Livro: “Aldeia Nova de São Bento – Memórias, Estórias e Gentes”
Conterrâneos e amigos
Sabeis, por certo, que somos genuínos seres humanos cujo desaparecimento com o evoluir das décadas tudo vai, de mansinho, transformando. A trindade do tempo encarregar-se-á em dar novas formas a conteúdos, particularmente em corpos, os nossos, que se vão “ausentando” deste planeta terrestre. Sim, porque ninguém é imortal.
Mas, para além da situação emocional que gere a humanidade, existem espaços físicos que na nossa aldeia trouxeram novos efeitos e grandes encantos. Sabe-se, com fidelidade, que na “Natureza, nada se cria, nada se perde, tudo se transforma”, afirmava Antoine-Laurent de Lavoisie.
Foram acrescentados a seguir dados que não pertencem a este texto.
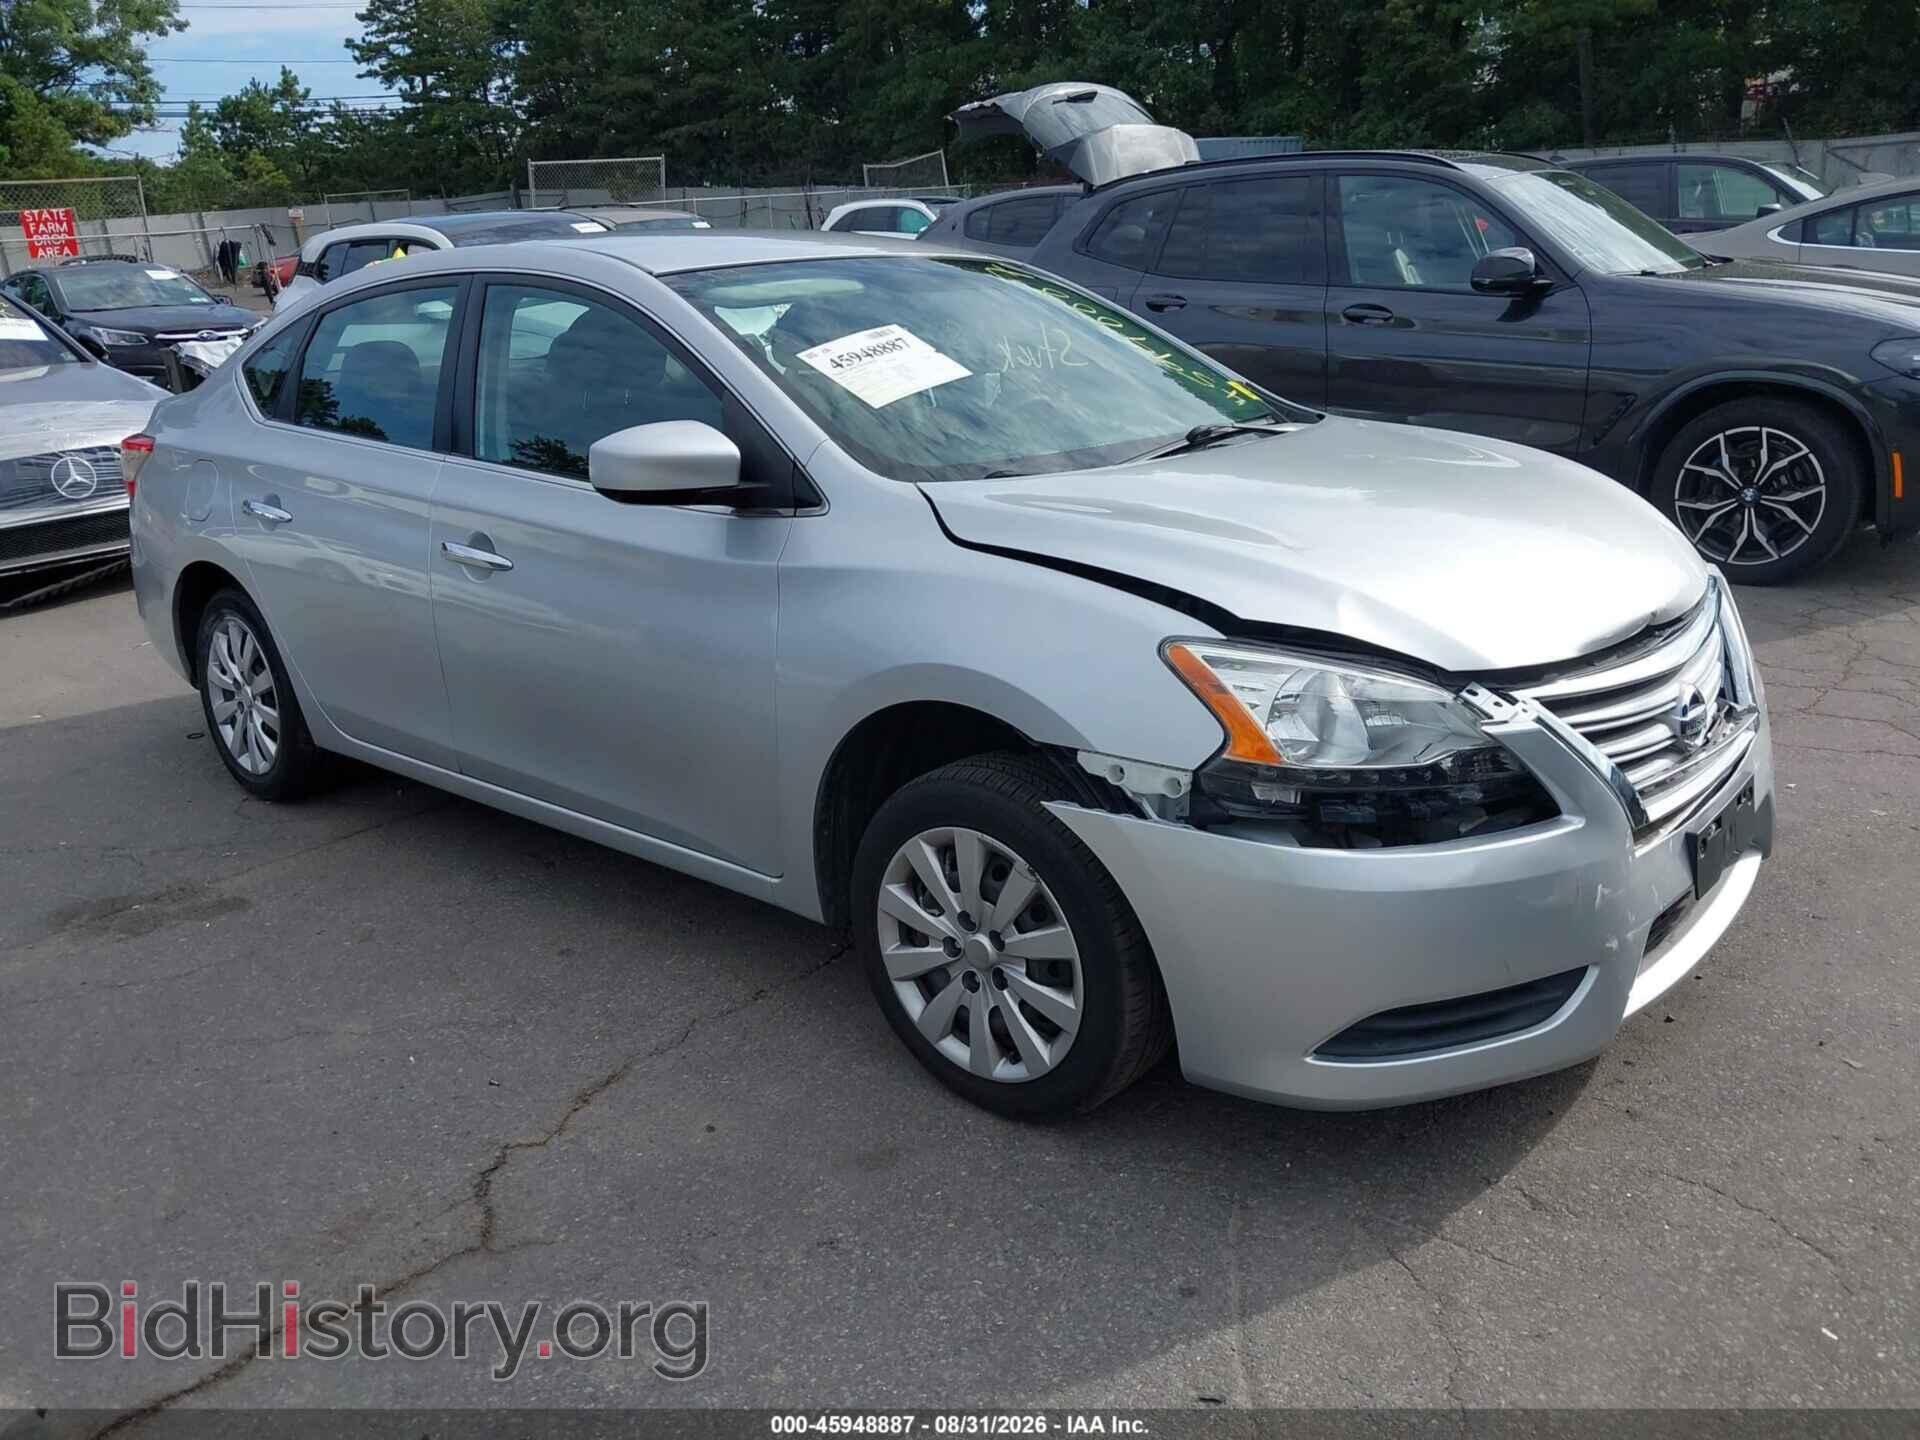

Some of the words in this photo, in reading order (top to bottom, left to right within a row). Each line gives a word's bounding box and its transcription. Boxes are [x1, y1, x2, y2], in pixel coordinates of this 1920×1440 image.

Neste contexto acrescento: Somos, no fundo, prisioneiros de uma sociedade onde ressaltam inesquecíveis memórias que o progredir das eras jamais esquecerá.
Conheci, na década de 1950, as valas que se abriam nas ruas aldeãs, sendo esse serviço feito com base na força de braços humanos, homens que ao longo do dia rasgavam o chão com picaretas (não havia as máquinas que hoje facilitam o serviço), dos enormes tubos redondos de cimento, do seu profícuo alinhamento, o tapar os adensados regos, tendo como finalidade levar a água a casas de pessoas que até então recorriam ao poço do lobo, ou à popular bica da aldeia, utilizando as “enfusas” que mui presunçosamente “viajavam” à cabeça das mulheres e sempre inertes na sua eternizada missão. Aliás, imagens que nunca esquecerei, principalmente daqueles contadores que contabilizavam a água consumida e colocados nas faceiras das residências dos clientes, normalmente localizados junto à porta de entrada das residências.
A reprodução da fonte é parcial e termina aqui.